Es ist soweit. Saison 2022/23 - es wird ernst. Und ich habe meine kleine Saisonvorschau tatsächlich absichtlich bis zum letzten Moment hinausgezögert, um möglichst klar sehen zu können, wie Borussia für das neue Spieljahr aufgestellt ist.
Ohne Erfolg. Denn seit meinem letzten Text von Mitte Juni hat sich auf den entscheidenden Baustellen leider nicht so viel bewegt wie erhofft. Oder anders ausgedrückt: Es gibt noch immer bei (zu vielen) zentralen Spielern große Fragezeichen, ob sie Borussia auch die gesamte Saison lang zur Verfügung stehen werden.
Das macht es schwer, eine seriöse Einschätzung abzugeben, wie gut der VfL gerüstet ist - in einer Saison, in der die Spitzenclubs Bayern und BVB die vorgeschobene Corona-Demut ziemlich unverblümt durch schulterzuckende Transfer-Hemmungslosigkeit ersetzt haben. Soll man sagen, dass wir uns zum Glück derzeit nicht mehr mit diesen Kalibern auf Augenhöhe messen müssen und kleinere Brötchen zu backen haben? Wie auch immer: Natürlich kann Gladbach auch weiterhin in einzelnen Spielen jedes Topteam gefährden. Und jeder Erfolg wird umso süßer schmecken.
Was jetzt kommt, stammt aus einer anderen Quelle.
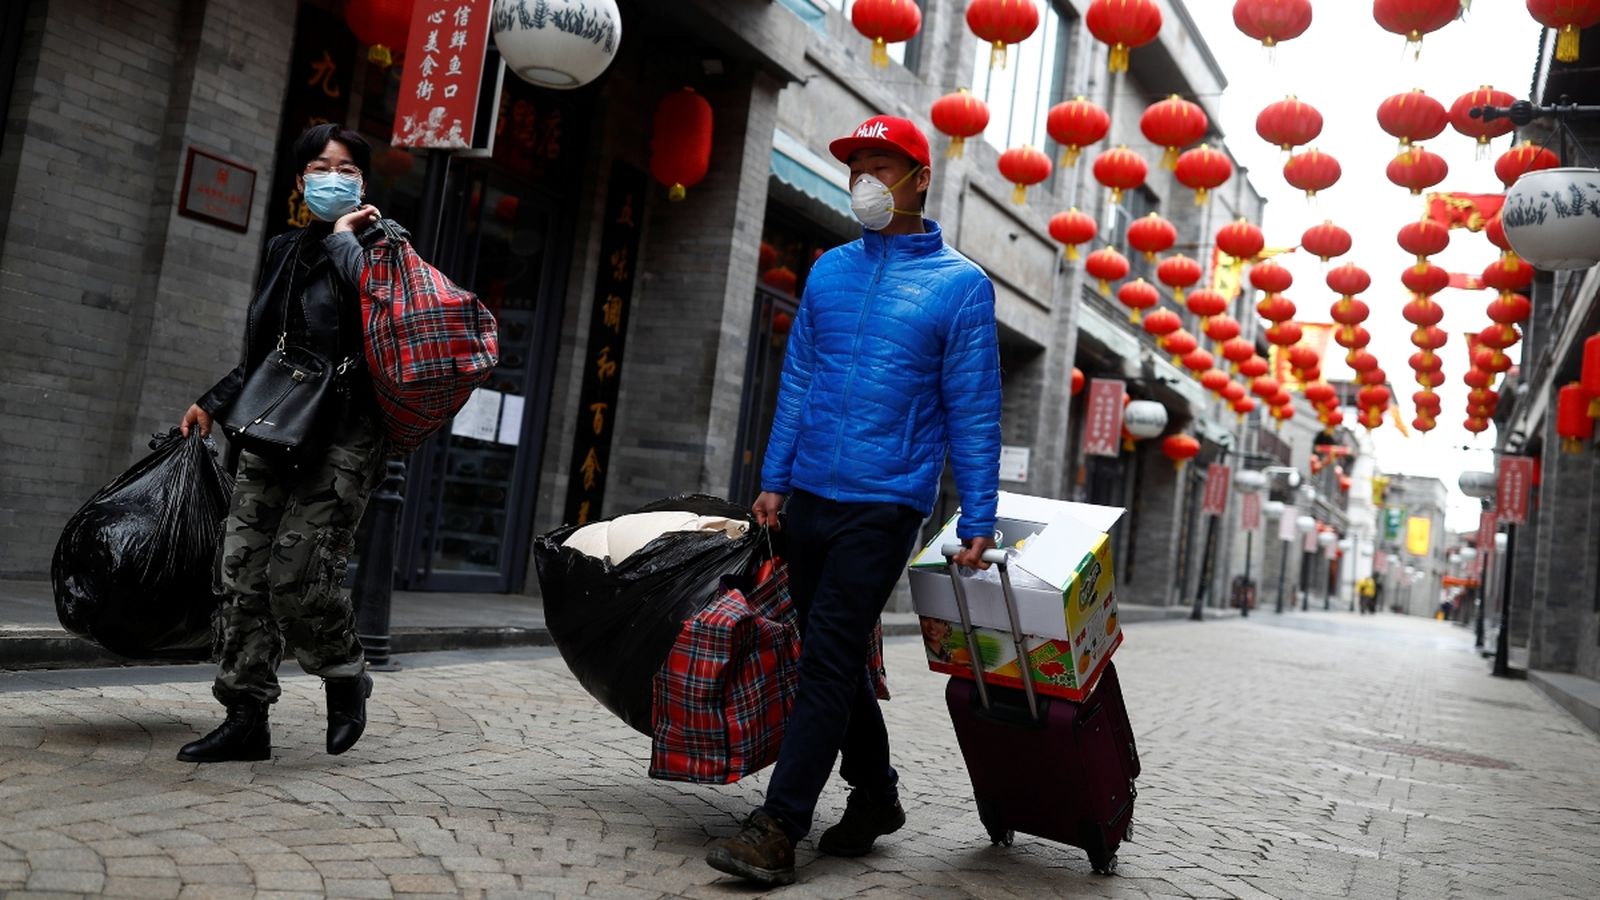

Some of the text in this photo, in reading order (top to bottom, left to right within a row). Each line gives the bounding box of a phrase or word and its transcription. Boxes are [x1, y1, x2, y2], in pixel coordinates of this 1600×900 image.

[416, 0, 448, 101] 心美食街
[444, 0, 475, 98] 信鲜鱼口
[856, 121, 889, 140] Hulk
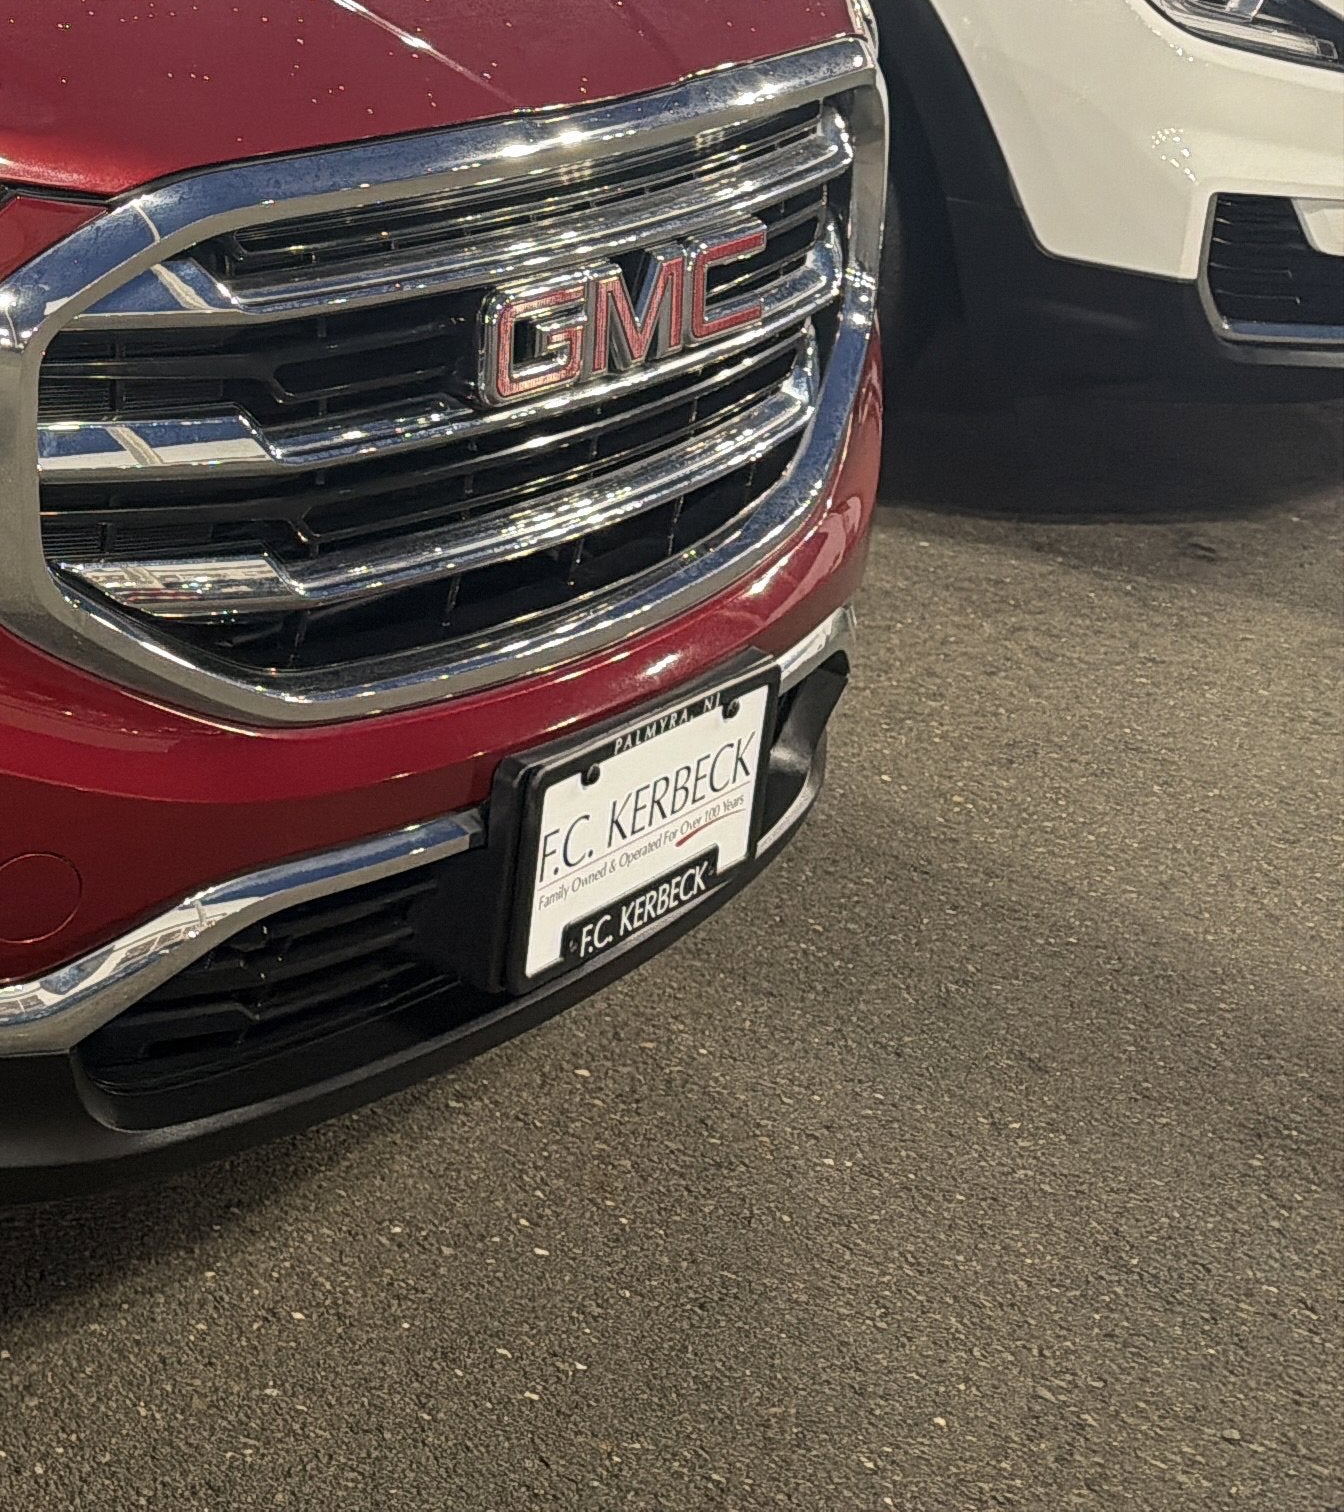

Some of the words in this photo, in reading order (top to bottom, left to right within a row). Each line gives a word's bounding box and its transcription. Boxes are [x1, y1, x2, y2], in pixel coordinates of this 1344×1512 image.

[479, 218, 767, 406] GMC
[613, 707, 695, 756] PALMYRA,
[537, 884, 568, 911] Family
[571, 864, 607, 894] Owned
[608, 860, 616, 874] &
[618, 836, 662, 869] Operated
[663, 828, 679, 846] For
[679, 817, 702, 837] Over
[704, 804, 721, 822] 100
[722, 794, 745, 814] Years
[538, 813, 594, 883] F.C.
[606, 730, 756, 849] KERBECK
[579, 914, 614, 958] F.C.
[618, 860, 709, 936] KERBECK
Doch der Fokus muss auf anderen Zielen liegen: Gesundes Überwinden der finanziell fordernden Corona-Zeit, Aufbau bzw. Halten einer schlagkräftigen Mannschaft und deren geschickte Verjüngung und Weiterentwicklung mit einem unaufgeregten, realistischen Trainer. Eine sichere Saison ohne Abstiegsnöte, aber mit der Hoffnung, positiv zu überraschen - das ist das, was für diese Saison das Ziel sein muss. Glücklicherweise scheinen Verantwortliche und Fans das ziemlich ähnlich einzuschätzen.
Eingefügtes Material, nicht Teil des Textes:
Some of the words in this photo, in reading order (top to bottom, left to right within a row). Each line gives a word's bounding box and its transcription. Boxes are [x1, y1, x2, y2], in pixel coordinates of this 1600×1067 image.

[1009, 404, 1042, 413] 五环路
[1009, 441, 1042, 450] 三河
Und immerhin, es gab ja Entscheidungen - unter dem Strich nur gute. Breel Embolo geht für gutes Geld nach Frankreich. Er hinterlässt aber auch eine Lücke, weil es einen solchen Stürmertyp im Kader sonst nicht gibt. Und natürlich hätte ich ihn als Typ weiter gern in unserem Trikot gesehen und vielleicht auch doch noch seinen endgültigen Durchbruch in die Topklasse der Bundesligastürmer erlebt.
Andererseits steckt in seinem Abgang und seiner Ablöse - wie bei Zakaria - auch eine Art verzinster Dank und eine gewisse Wertschätzung gegenüber dem Verein, der ihn in den vergangenen Jahren wieder in die richtige Spur gebracht hat.
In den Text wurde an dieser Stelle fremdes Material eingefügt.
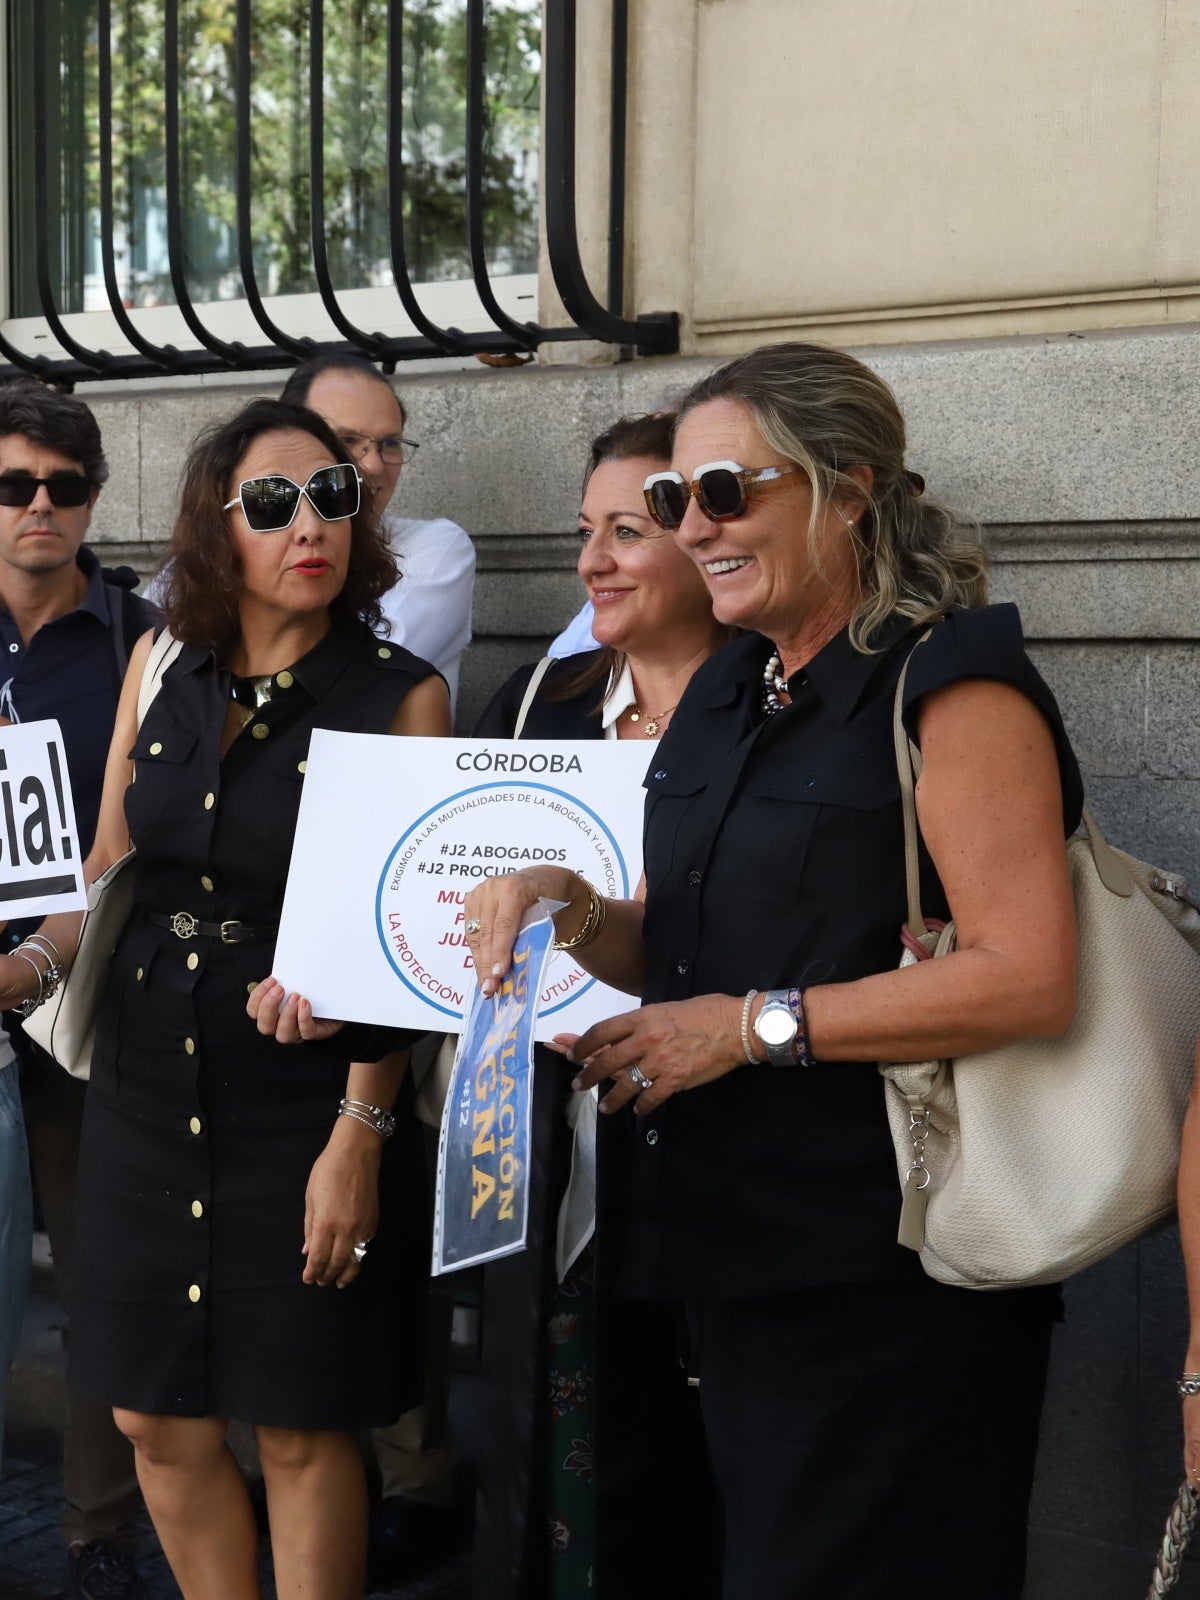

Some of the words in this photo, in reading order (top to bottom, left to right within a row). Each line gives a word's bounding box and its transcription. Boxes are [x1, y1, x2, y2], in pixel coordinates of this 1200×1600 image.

Es wäre schön, wenn auch andere Spieler, die sich am Ende gegen eine Vertragsverlängerung entscheiden wollen, dies berücksichtigen. Natürlich, verlangen kann man es nicht, schließlich ist ein Vertrag letztlich dazu da, erfüllt zu werden. Und nichts anderes wäre der ablösefreie Wechsel. Aber das ist noch Zukunftsmusik.
Zwar kam bisher kein direkter Stürmer-Ersatz für Embolo. Dafür wurde andernorts eine wichtige Baustelle angegangen. In Ko Itakura kam ein wichtiger Baustein für die neue Startelf, der in dieser Ausprägung bislang ebenfalls nicht im Kader stand. Ein richtiger Sechser, der auch als Innenverteidiger eingeplant werden kann und vergangene Saison als Leihspieler auf Schalke überzeugt hat.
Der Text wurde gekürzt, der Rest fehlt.